- Task instructions: Whenever a line below includes the string "METRO", show it.

- Data for this task:
###

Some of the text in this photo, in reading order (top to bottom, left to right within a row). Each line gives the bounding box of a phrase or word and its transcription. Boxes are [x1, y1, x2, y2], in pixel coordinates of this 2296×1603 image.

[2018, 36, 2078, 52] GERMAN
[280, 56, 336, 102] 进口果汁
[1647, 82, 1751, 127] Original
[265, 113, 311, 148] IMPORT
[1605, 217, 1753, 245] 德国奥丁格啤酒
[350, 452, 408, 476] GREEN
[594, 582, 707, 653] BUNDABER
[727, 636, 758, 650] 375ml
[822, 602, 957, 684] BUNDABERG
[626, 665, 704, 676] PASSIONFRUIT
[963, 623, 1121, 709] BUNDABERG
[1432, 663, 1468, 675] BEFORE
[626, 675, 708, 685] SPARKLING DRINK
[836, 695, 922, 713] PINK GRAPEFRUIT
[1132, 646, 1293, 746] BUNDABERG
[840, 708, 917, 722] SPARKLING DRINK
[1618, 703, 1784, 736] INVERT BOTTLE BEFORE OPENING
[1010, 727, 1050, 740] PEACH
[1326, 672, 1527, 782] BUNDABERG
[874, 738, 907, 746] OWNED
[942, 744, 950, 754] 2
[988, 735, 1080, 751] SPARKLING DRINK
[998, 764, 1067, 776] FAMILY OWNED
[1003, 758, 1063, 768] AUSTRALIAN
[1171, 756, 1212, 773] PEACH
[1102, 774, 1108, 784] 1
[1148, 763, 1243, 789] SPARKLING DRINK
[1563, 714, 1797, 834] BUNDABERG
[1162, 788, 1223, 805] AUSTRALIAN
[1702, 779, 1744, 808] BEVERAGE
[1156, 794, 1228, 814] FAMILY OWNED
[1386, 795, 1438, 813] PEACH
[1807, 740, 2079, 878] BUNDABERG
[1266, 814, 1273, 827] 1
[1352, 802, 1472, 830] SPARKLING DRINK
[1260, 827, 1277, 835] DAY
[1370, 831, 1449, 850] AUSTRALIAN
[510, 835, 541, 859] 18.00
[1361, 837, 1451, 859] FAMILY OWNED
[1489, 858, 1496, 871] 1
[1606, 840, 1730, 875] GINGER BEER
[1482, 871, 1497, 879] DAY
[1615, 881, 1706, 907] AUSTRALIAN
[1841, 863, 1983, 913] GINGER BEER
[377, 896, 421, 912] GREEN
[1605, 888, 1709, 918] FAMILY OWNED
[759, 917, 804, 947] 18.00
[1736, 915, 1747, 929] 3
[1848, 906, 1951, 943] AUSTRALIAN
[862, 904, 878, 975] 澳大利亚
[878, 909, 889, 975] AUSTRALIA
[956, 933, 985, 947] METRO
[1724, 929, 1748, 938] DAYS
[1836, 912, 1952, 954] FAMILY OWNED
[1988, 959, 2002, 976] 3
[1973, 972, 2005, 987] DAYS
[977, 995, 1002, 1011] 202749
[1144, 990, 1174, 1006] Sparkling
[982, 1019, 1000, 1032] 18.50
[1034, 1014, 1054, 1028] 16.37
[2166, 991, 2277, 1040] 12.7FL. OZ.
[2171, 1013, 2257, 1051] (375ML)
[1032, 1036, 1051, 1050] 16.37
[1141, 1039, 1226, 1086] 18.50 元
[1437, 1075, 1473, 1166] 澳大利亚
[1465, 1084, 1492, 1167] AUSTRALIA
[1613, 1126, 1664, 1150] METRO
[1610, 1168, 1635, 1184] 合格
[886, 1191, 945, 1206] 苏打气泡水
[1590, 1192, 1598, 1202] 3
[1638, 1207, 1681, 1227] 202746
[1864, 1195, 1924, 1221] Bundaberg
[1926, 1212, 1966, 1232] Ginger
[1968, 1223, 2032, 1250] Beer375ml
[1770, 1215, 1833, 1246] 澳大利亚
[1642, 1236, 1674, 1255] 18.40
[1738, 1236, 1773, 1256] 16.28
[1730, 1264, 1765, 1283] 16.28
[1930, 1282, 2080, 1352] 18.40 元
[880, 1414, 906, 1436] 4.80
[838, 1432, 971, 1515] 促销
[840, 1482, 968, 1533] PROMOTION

###

- Response for this exercise:
[956, 933, 985, 947] METRO
[1613, 1126, 1664, 1150] METRO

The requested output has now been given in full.